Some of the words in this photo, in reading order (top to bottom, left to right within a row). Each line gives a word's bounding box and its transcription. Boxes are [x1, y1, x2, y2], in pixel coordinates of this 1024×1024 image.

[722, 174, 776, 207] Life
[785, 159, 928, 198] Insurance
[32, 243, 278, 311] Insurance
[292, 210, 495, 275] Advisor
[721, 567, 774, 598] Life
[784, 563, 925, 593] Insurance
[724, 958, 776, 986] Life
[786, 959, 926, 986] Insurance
^^^^
ASSIGNED TASK – Word for word, write out each of the records shown above.

REPLY TO THE TASK –
Some of the words in this photo, in reading order (top to bottom, left to right within a row). Each line gives a word's bounding box and its transcription. Boxes are [x1, y1, x2, y2], in pixel coordinates of this 1024×1024 image.

[722, 174, 776, 207] Life
[785, 159, 928, 198] Insurance
[32, 243, 278, 311] Insurance
[292, 210, 495, 275] Advisor
[721, 567, 774, 598] Life
[784, 563, 925, 593] Insurance
[724, 958, 776, 986] Life
[786, 959, 926, 986] Insurance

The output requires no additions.